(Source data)
------------
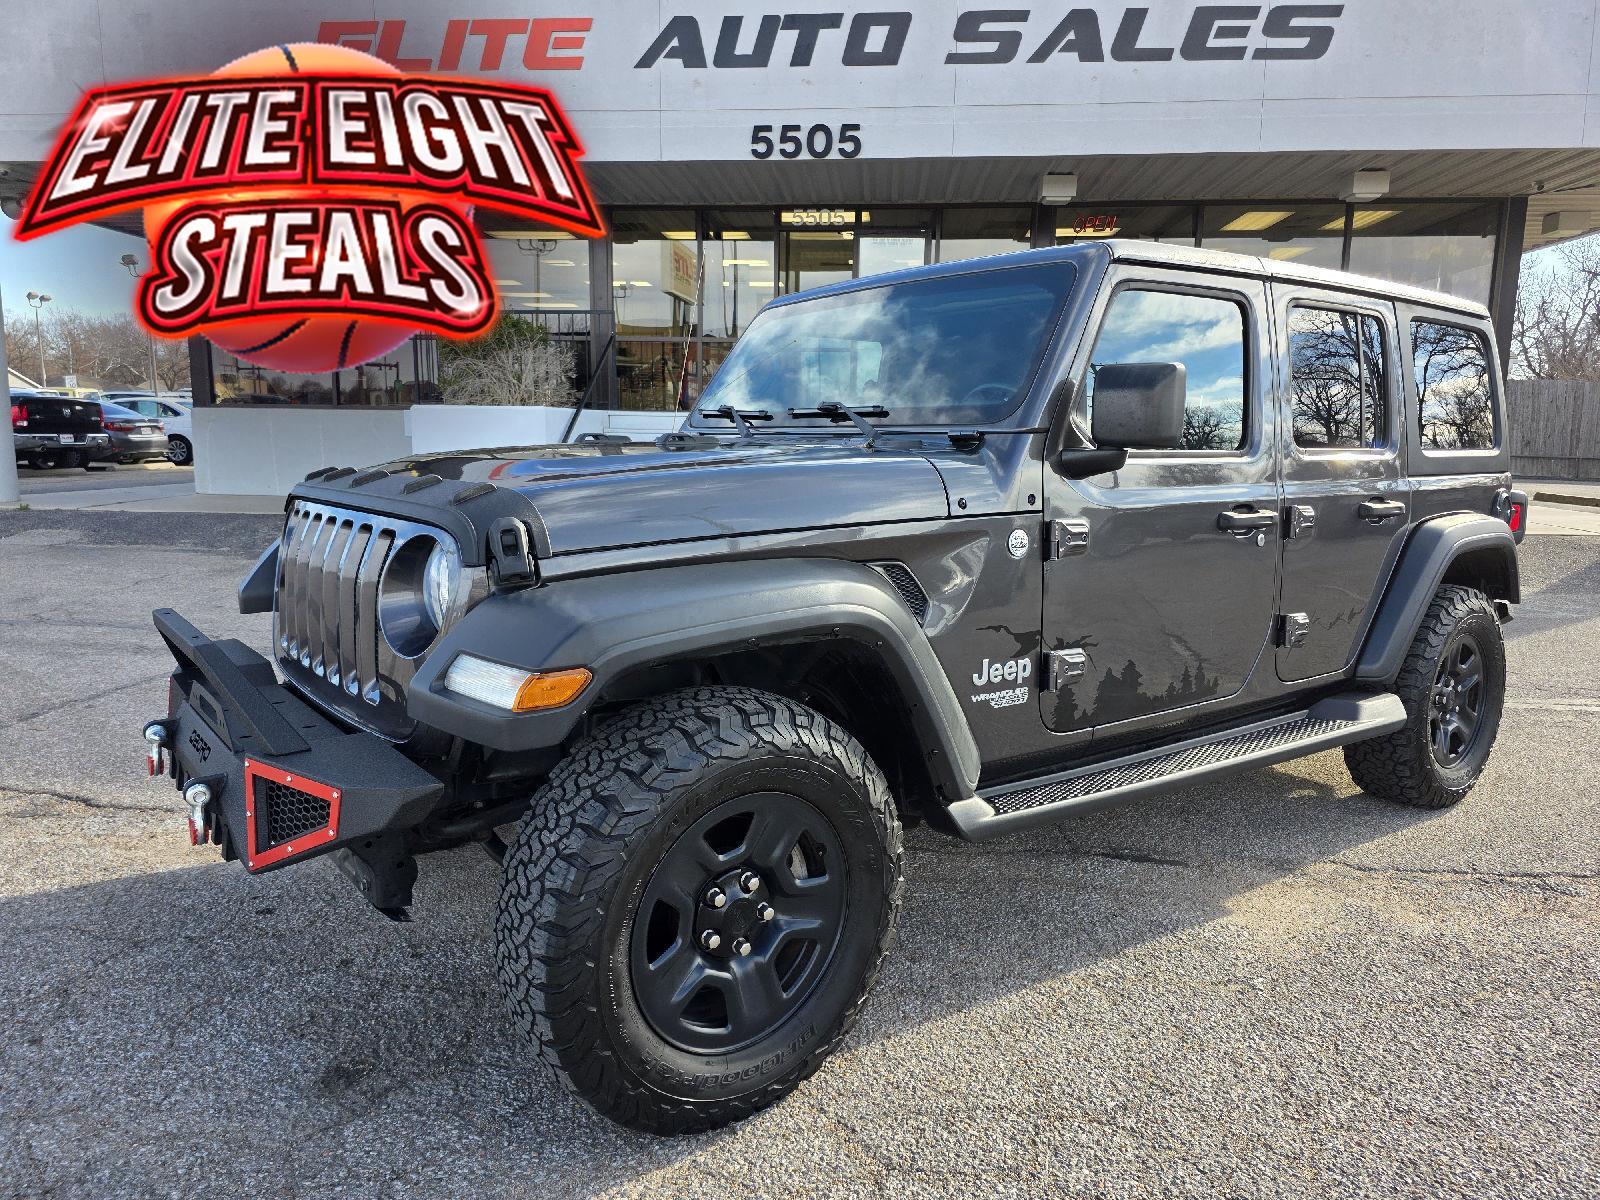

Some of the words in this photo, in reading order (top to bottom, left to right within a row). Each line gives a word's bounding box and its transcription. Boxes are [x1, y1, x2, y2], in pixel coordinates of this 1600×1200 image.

[633, 12, 913, 69] AUTO
[944, 4, 1345, 64] SALES
[751, 123, 862, 159] 5505
[791, 208, 845, 226] 5505
[1072, 215, 1117, 233] OPEN
[972, 657, 1032, 687] Jeep
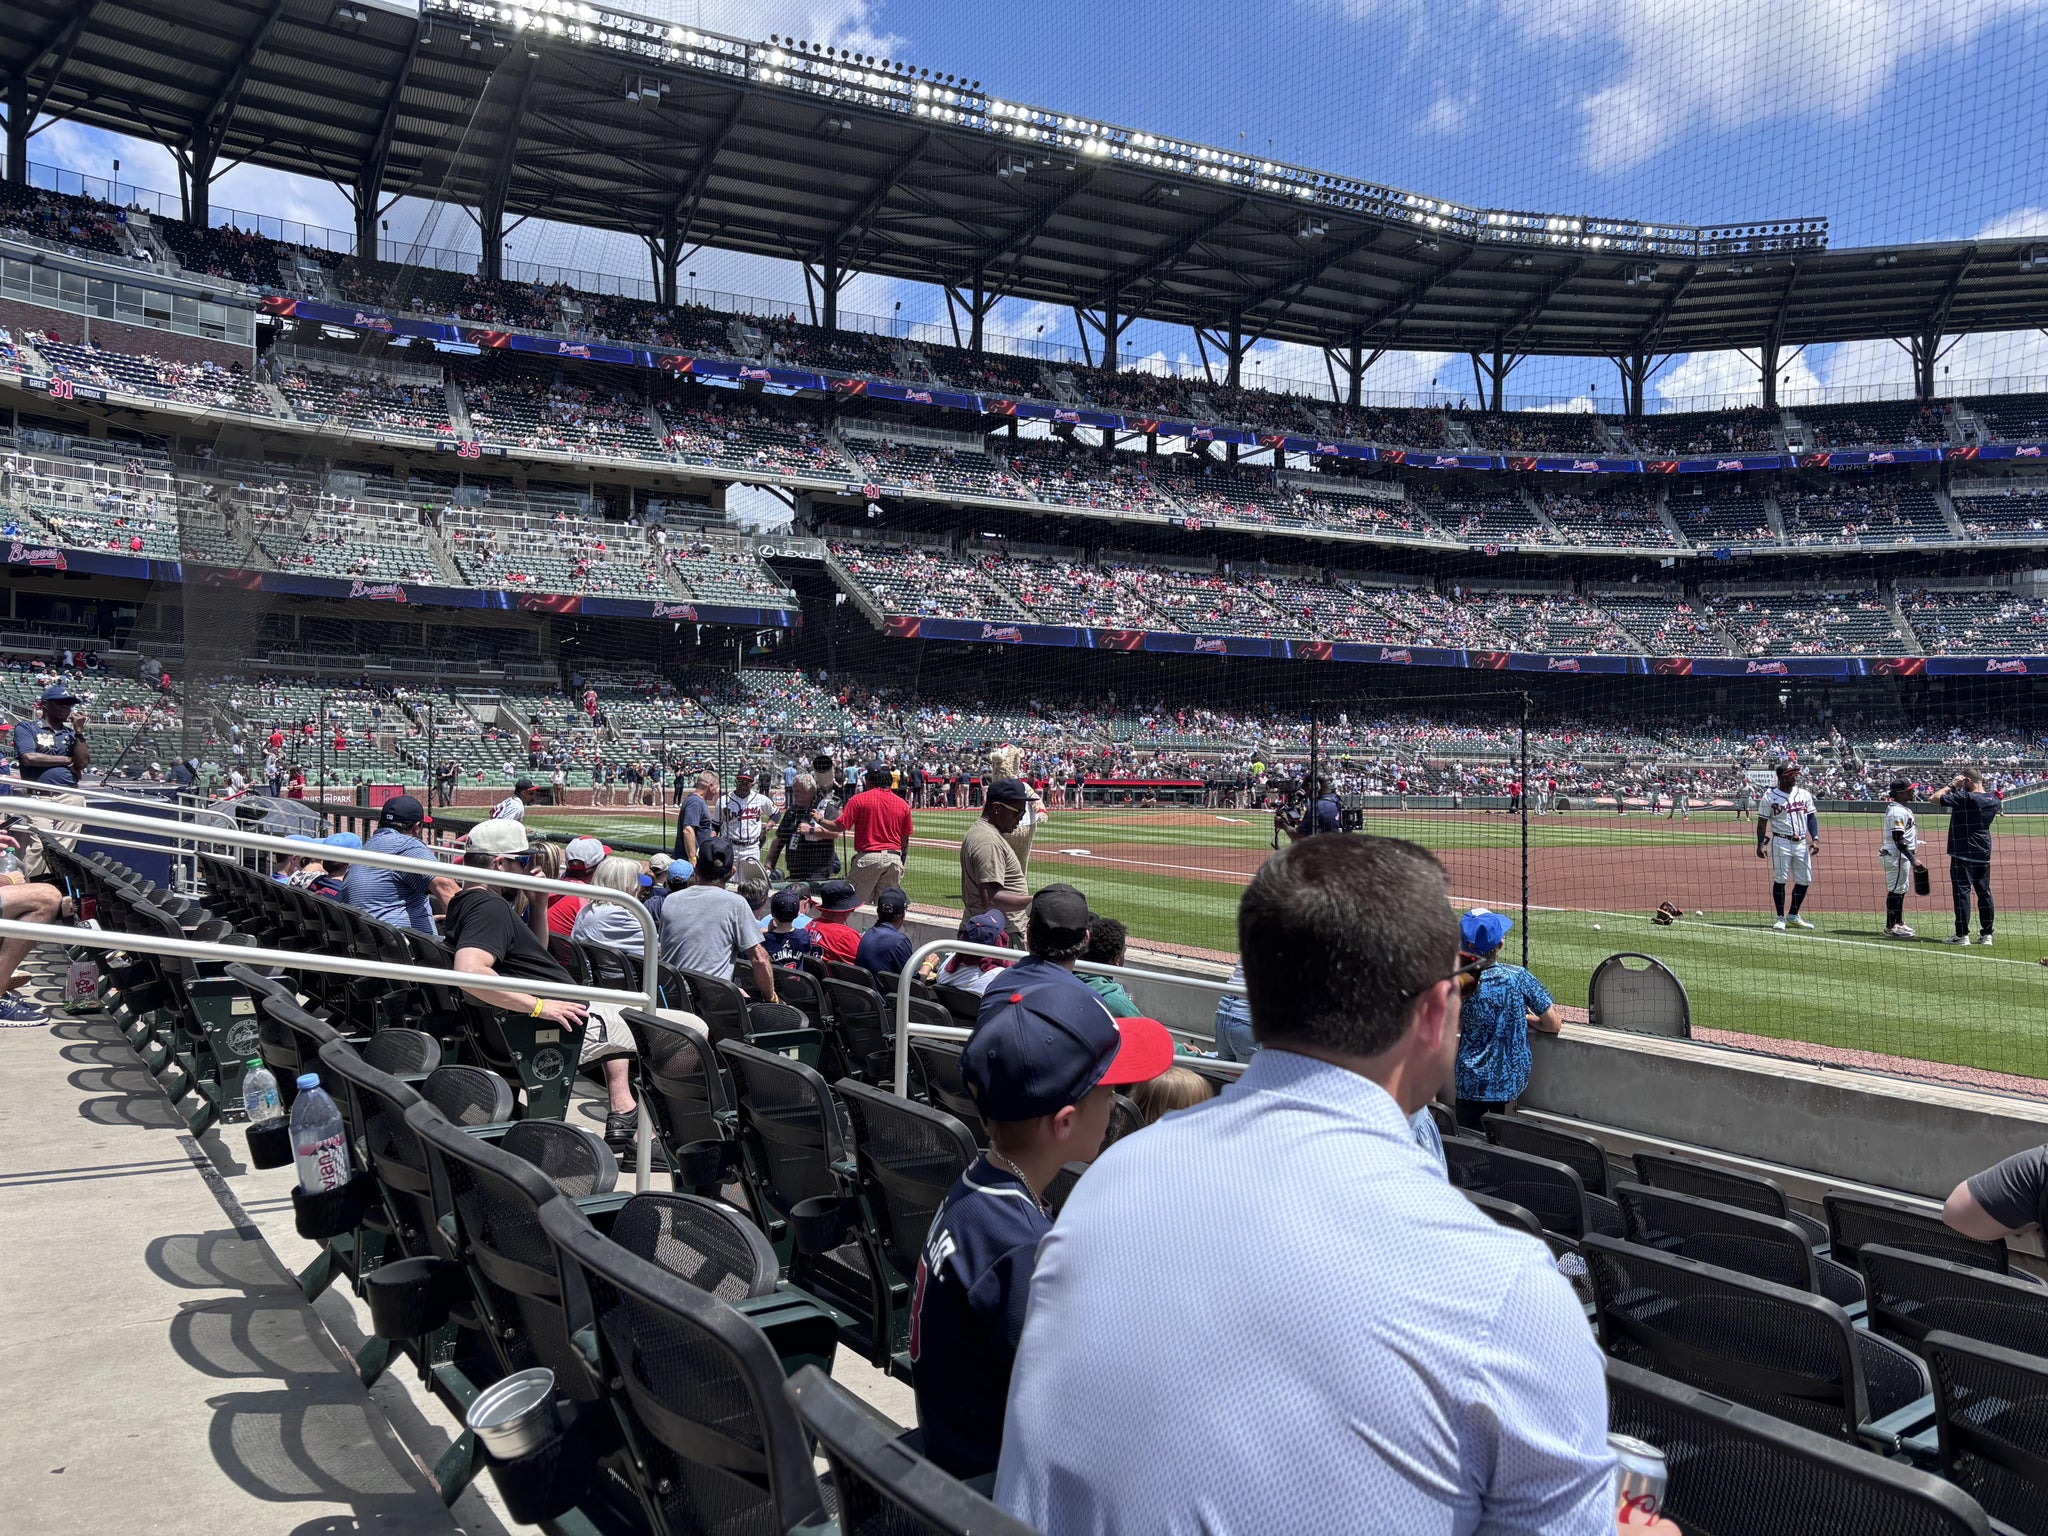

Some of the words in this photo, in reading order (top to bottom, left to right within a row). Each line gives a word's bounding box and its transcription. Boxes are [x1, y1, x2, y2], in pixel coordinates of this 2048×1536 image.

[29, 379, 47, 389] GREG
[49, 377, 73, 400] 31
[457, 440, 481, 459] 35
[863, 483, 880, 499] 41
[1184, 516, 1201, 531] 44
[8, 542, 58, 562] Braves
[776, 548, 822, 559] LEXUS
[1483, 543, 1500, 556] 47
[1713, 547, 1731, 560] 42
[350, 580, 397, 598] Braves
[333, 795, 351, 803] PARK
[243, 1002, 249, 1010] 5
------------
What the task requires — Return each line of the data, keeping its wording exact and omitting pictures.

Answer below —
Some of the words in this photo, in reading order (top to bottom, left to right within a row). Each line gives a word's bounding box and its transcription. Boxes are [x1, y1, x2, y2], in pixel coordinates of this 1600×1200 image.

[633, 12, 913, 69] AUTO
[944, 4, 1345, 64] SALES
[751, 123, 862, 159] 5505
[791, 208, 845, 226] 5505
[1072, 215, 1117, 233] OPEN
[972, 657, 1032, 687] Jeep

Some of the words in this photo, in reading order (top to bottom, left to right within a row). Each line gives a word's bounding box and its transcription. Boxes are [x1, y1, x2, y2], in pixel coordinates of this 2048×1536 image.

[29, 379, 47, 389] GREG
[49, 377, 73, 400] 31
[457, 440, 481, 459] 35
[863, 483, 880, 499] 41
[1184, 516, 1201, 531] 44
[8, 542, 58, 562] Braves
[776, 548, 822, 559] LEXUS
[1483, 543, 1500, 556] 47
[1713, 547, 1731, 560] 42
[350, 580, 397, 598] Braves
[333, 795, 351, 803] PARK
[243, 1002, 249, 1010] 5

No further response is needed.